**EXERCISE DIRECTIONS:** Repeat all of the records exactly, leaving out the pictures.
^^^^^^^^^^^^^^^^
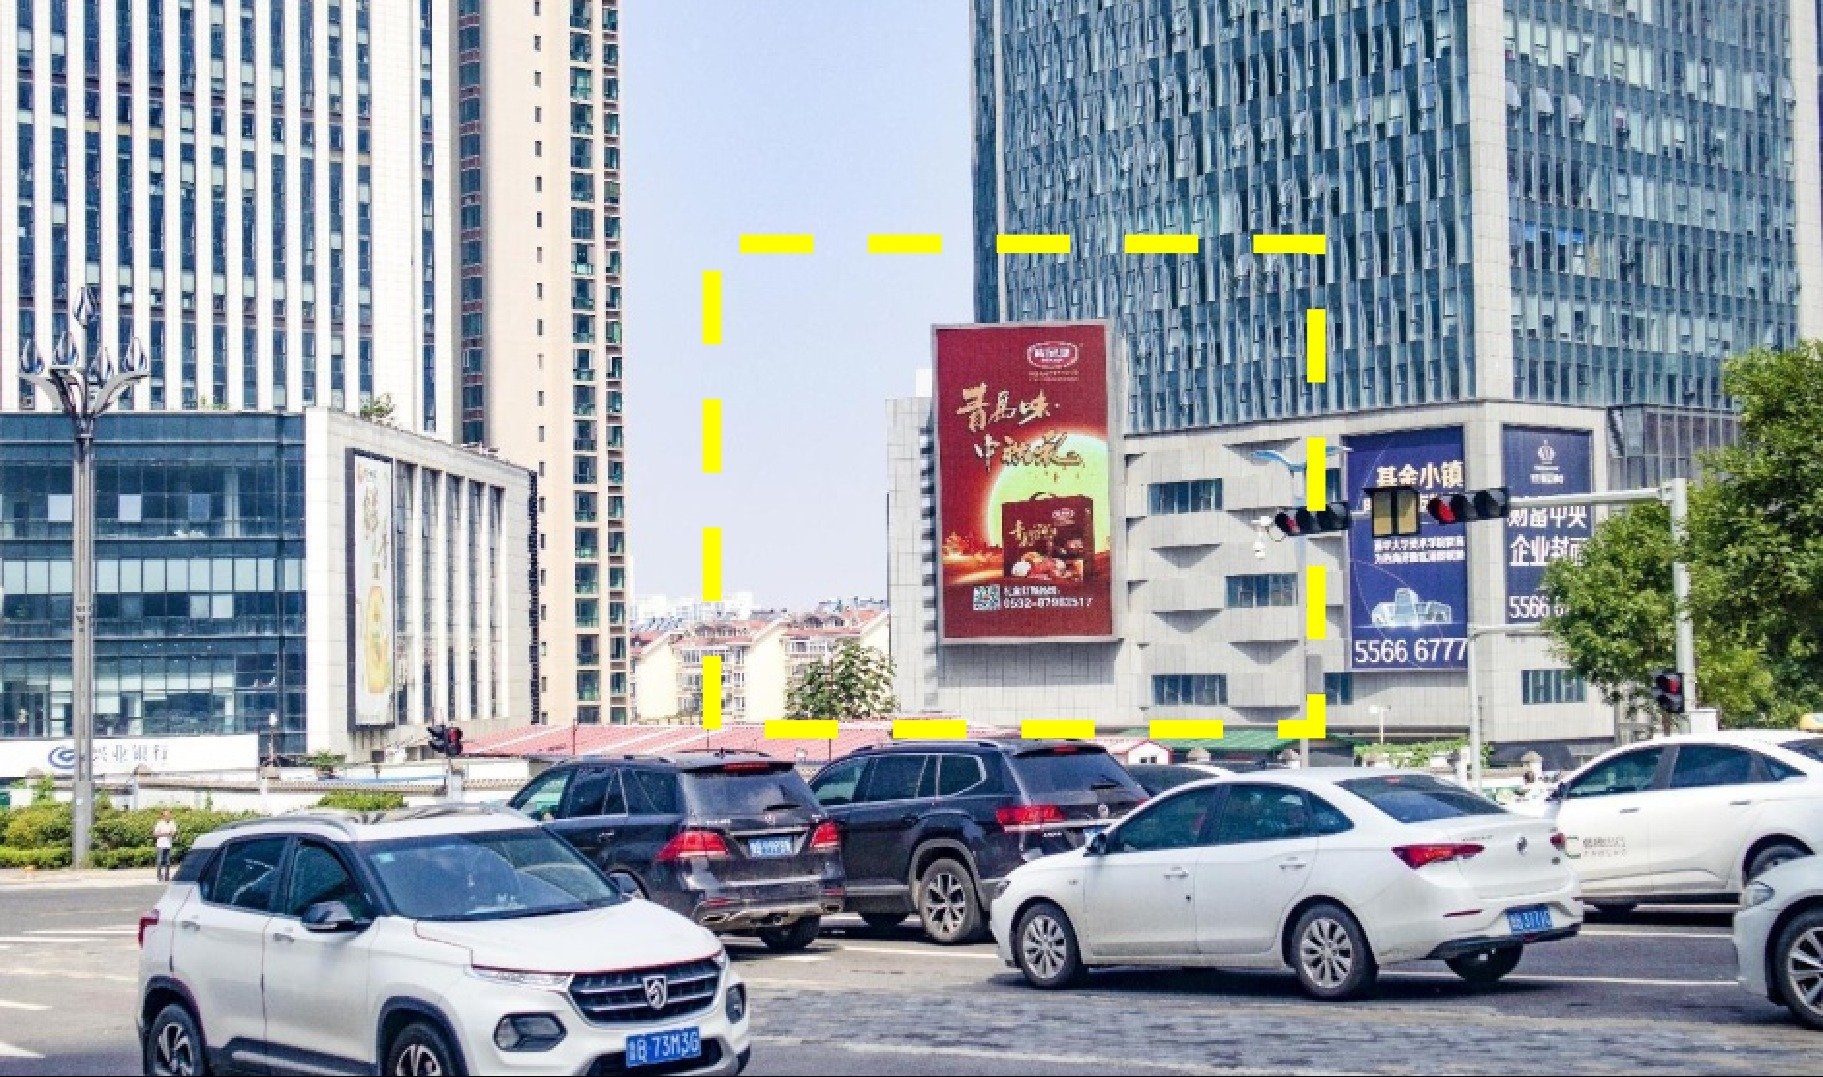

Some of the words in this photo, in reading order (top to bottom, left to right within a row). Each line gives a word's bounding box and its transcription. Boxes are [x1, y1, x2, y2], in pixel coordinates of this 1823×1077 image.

[1376, 460, 1464, 489] 基金小镇
[1508, 595, 1550, 618] 5566
[1355, 638, 1408, 663] 5566
[1414, 638, 1467, 662] 6777
^^^^^^^^^^^^^^^^
**REPLY:**
Some of the words in this photo, in reading order (top to bottom, left to right within a row). Each line gives a word's bounding box and its transcription. Boxes are [x1, y1, x2, y2], in pixel coordinates of this 1823×1077 image.

[1376, 460, 1464, 489] 基金小镇
[1508, 595, 1550, 618] 5566
[1355, 638, 1408, 663] 5566
[1414, 638, 1467, 662] 6777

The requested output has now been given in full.